- [What needs to be done]
If a record contains an image, leave the image out and repeat everything else exactly.

——

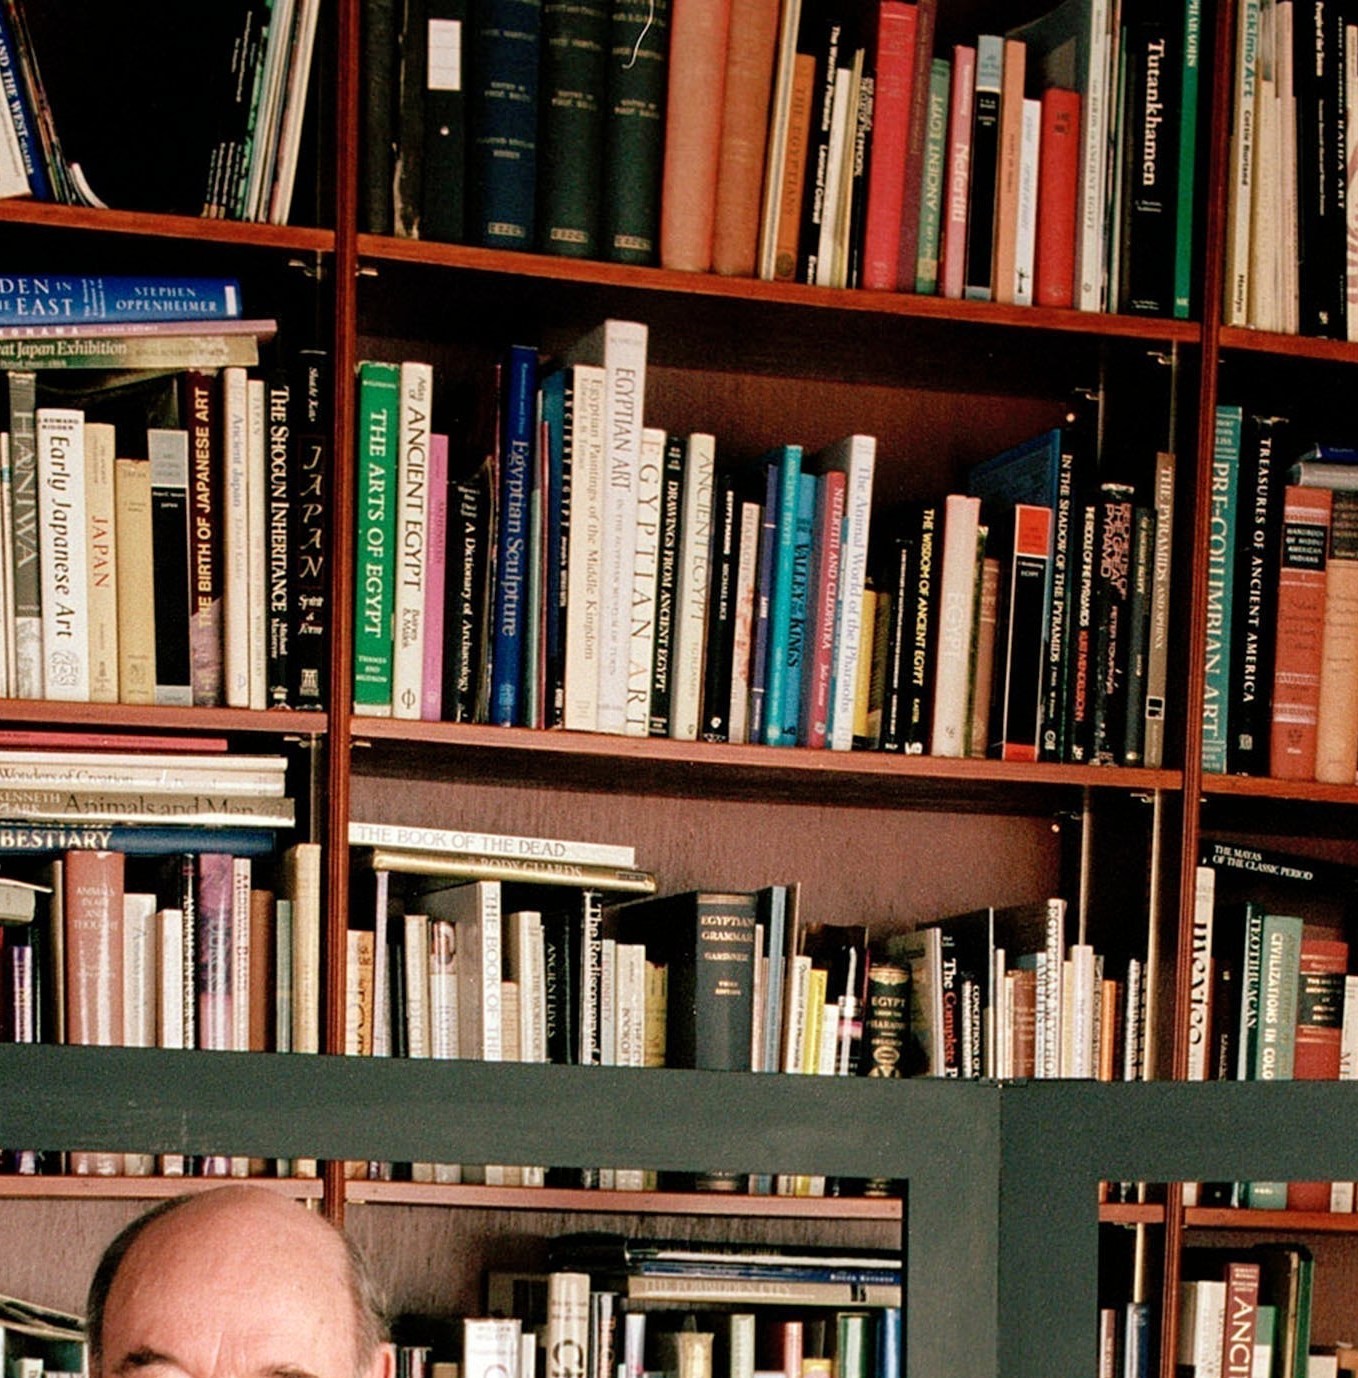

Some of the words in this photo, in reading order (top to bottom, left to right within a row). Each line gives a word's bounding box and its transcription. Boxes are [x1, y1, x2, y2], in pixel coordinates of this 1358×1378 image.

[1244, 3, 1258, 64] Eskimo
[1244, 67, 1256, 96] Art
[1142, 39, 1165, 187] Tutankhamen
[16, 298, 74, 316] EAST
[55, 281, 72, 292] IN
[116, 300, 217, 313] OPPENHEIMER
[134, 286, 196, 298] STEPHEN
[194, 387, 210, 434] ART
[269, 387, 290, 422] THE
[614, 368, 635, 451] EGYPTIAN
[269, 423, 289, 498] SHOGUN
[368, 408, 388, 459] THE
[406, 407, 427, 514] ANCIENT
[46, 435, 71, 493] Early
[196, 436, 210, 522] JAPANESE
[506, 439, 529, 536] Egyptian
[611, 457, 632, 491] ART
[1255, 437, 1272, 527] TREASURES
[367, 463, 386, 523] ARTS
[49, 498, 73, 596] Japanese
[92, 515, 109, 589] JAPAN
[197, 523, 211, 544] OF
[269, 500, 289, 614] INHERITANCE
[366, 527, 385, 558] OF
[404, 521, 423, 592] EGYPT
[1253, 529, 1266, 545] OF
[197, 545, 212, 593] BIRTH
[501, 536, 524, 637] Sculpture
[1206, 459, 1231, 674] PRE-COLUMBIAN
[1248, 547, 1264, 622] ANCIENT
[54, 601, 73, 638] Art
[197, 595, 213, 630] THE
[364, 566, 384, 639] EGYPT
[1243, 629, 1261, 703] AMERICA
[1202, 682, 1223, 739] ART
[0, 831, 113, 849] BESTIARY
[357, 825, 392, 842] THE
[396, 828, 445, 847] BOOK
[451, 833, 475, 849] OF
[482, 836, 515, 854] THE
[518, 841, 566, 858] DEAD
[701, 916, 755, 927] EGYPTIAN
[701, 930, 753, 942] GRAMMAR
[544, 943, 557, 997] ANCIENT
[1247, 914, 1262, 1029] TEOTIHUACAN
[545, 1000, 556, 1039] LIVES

——

- [Solved exercise]
Some of the words in this photo, in reading order (top to bottom, left to right within a row). Each line gives a word's bounding box and its transcription. Boxes are [x1, y1, x2, y2], in pixel coordinates of this 1358×1378 image.

[1244, 3, 1258, 64] Eskimo
[1244, 67, 1256, 96] Art
[1142, 39, 1165, 187] Tutankhamen
[16, 298, 74, 316] EAST
[55, 281, 72, 292] IN
[116, 300, 217, 313] OPPENHEIMER
[134, 286, 196, 298] STEPHEN
[194, 387, 210, 434] ART
[269, 387, 290, 422] THE
[614, 368, 635, 451] EGYPTIAN
[269, 423, 289, 498] SHOGUN
[368, 408, 388, 459] THE
[406, 407, 427, 514] ANCIENT
[46, 435, 71, 493] Early
[196, 436, 210, 522] JAPANESE
[506, 439, 529, 536] Egyptian
[611, 457, 632, 491] ART
[1255, 437, 1272, 527] TREASURES
[367, 463, 386, 523] ARTS
[49, 498, 73, 596] Japanese
[92, 515, 109, 589] JAPAN
[197, 523, 211, 544] OF
[269, 500, 289, 614] INHERITANCE
[366, 527, 385, 558] OF
[404, 521, 423, 592] EGYPT
[1253, 529, 1266, 545] OF
[197, 545, 212, 593] BIRTH
[501, 536, 524, 637] Sculpture
[1206, 459, 1231, 674] PRE-COLUMBIAN
[1248, 547, 1264, 622] ANCIENT
[54, 601, 73, 638] Art
[197, 595, 213, 630] THE
[364, 566, 384, 639] EGYPT
[1243, 629, 1261, 703] AMERICA
[1202, 682, 1223, 739] ART
[0, 831, 113, 849] BESTIARY
[357, 825, 392, 842] THE
[396, 828, 445, 847] BOOK
[451, 833, 475, 849] OF
[482, 836, 515, 854] THE
[518, 841, 566, 858] DEAD
[701, 916, 755, 927] EGYPTIAN
[701, 930, 753, 942] GRAMMAR
[544, 943, 557, 997] ANCIENT
[1247, 914, 1262, 1029] TEOTIHUACAN
[545, 1000, 556, 1039] LIVES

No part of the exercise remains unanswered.